Further analysis should be conducted to identify which specific ICD-10-CM codes are major contributors to the differences between ISS-ICDPIC and ISS-TQIP. This can be accomplished through analysis of outliers in the Bland-Altman plot and further analysis of the specific ICD-10 CM codes associated with the mechanisms that had the lowest Cohen’s κ values. We are also curious about the utility of an algorithm that optimizes prediction of other outcomes of interest or an algorithm that works to minimize the difference between ICDPIC and manually-coded ISS.
This study has several limitations.

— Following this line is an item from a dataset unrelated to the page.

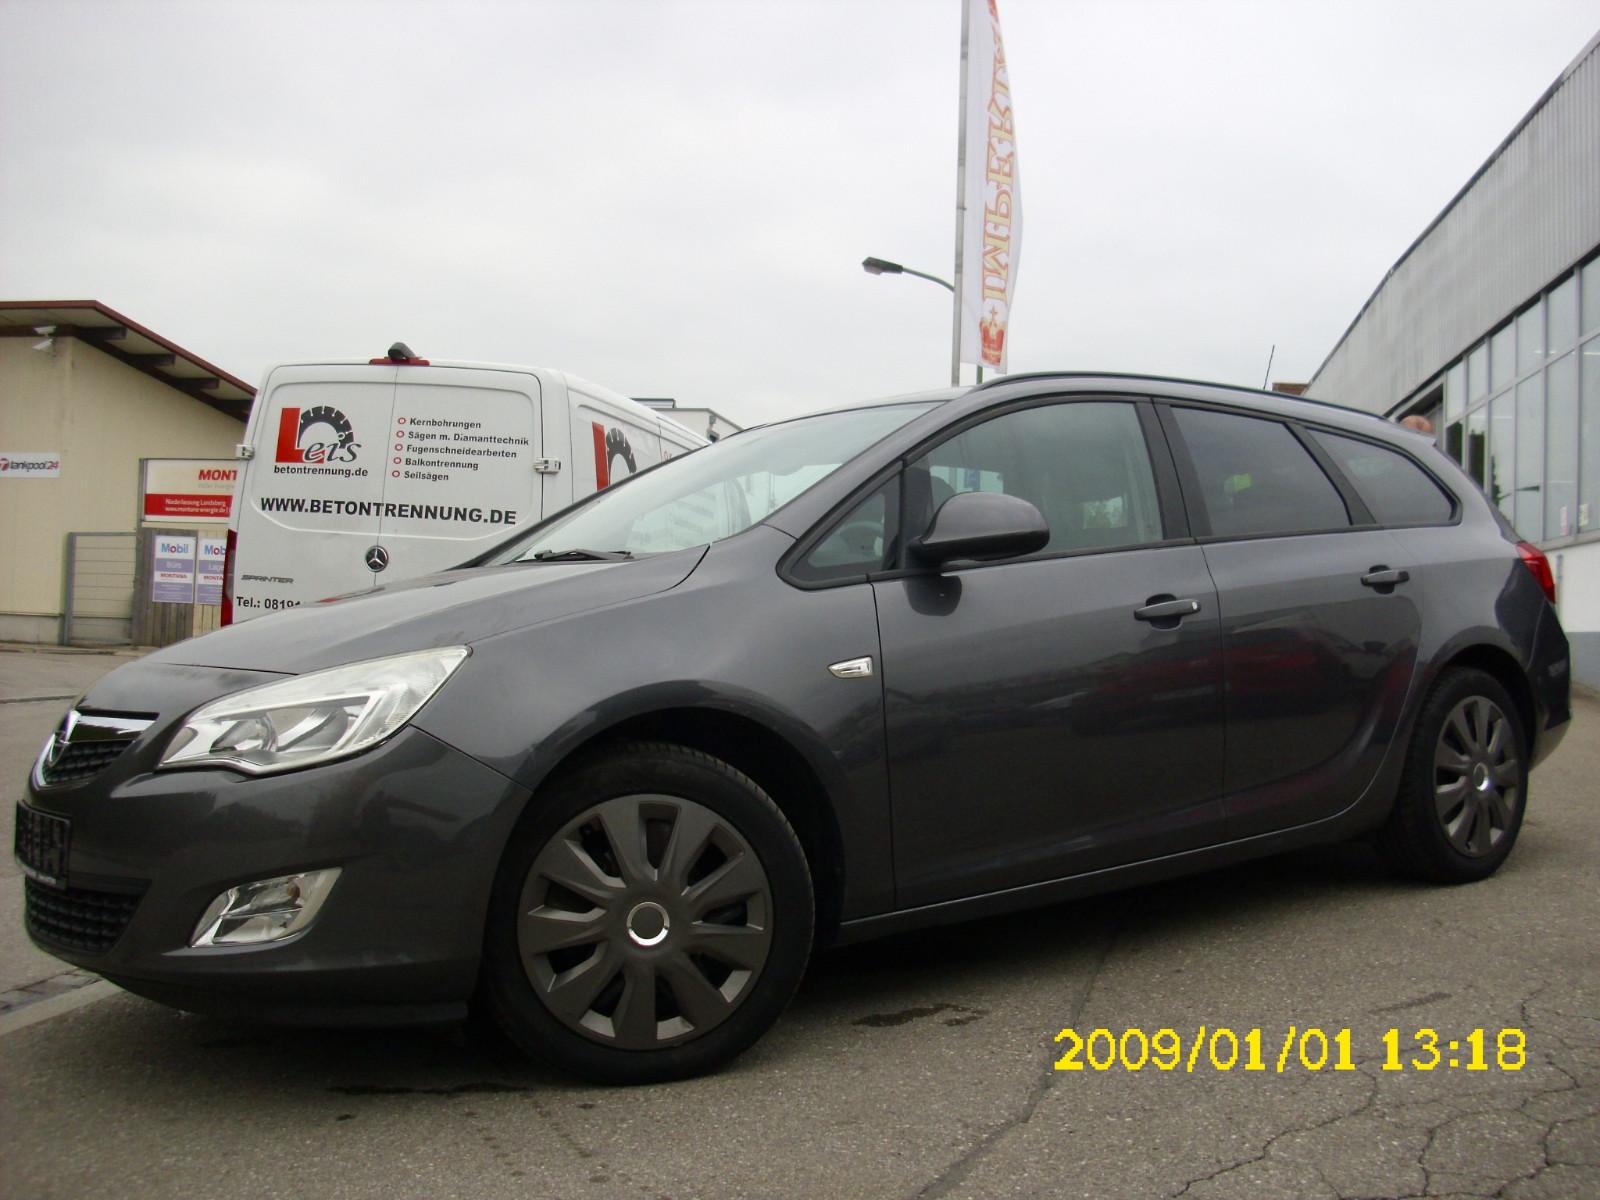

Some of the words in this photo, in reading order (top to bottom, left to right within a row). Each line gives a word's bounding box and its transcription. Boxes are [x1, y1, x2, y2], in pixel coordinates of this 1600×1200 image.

First, it is primarily limited by the quality of the coding of ICD-10 CM diagnoses, AIS scores, and ISS in the TQIP dataset. Nonetheless, TQIP uses standardized definitions and dedicated trained surgical clinical reviewers to abstract data, resulting in the highest quality data currently available on a large scale in trauma.(26) Second, because TQIP data are submitted from trauma centers only, we have limited generalizability in our findings to non-trauma centers and even low-level trauma centers. It is unknown if our results can be generalized to non-trauma hospitals given the potential differences in coding resources and processes between trauma and non-trauma centers. Third, this study focused on concordance between ISS-ICDPIC and ISS-TQIP. ISS is a good, but not perfect metric in predicting mortality. As such, demonstrating concordance may not be helpful for researchers who use other injury severity scoring systems. Nonetheless, we believe our data do offer important insights into which ISS categories, AIS body regions and primary mechanisms of injury do demonstrate high concordance after the transition to ICD-10-CM codes. Specifically, the Health Care Utilization Project Nationwide Inpatient Sample (HCUP/NIS) uses ICDPIC to calculate ISS but still utilizes a version of ICDPIC that only supports ICD-9-CM codes. These data support researchers using ICDPIC in HCUP/NIS encounters that include ICD-10-CM codes with the understanding that ICDPIC performs best in studying patients with these specific injury profiles.
CONCLUSION
ICD to AIS code mapping using ICDPIC-R remains a valid way to generate ISS after the transition from ICD-9-CM to ICD-10-CM codes. ISS-ICDPIC generally underestimates ISS when compared to ISS-TQIP. ISS-ICDPIC performs best when used in standard categories (1–8, 9–15, 16–24, 25–40, 41–49, 50–75) and when used as a predictor of mortality. Further study is required to improve ICDPIC code mapping, especially at higher ISS range categories, and for certain mechanisms of injury. Manually-derived data from TQIP remain the gold standard.
Supplementary Material
Source of Funding:
Anne Stey was funded by AAST research award and the ACS C. James Carrico Faculty Research Fellowship and K23HL157832-01 from NHLBI.
Footnotes
SUPPLEMENTAL DIGITAL CONTENT
- STROBE Checklist application in the manuscript
- Abbreviated injury severity score by body region for the trauma quality improvement program 2017 and 2018.
Previous Presentation: These data were presented at the American College of Surgeons Committee on Trauma, May 2021, Chicago IL.
Conflicts of Interest: There are no conflicts of interest in regards to these data.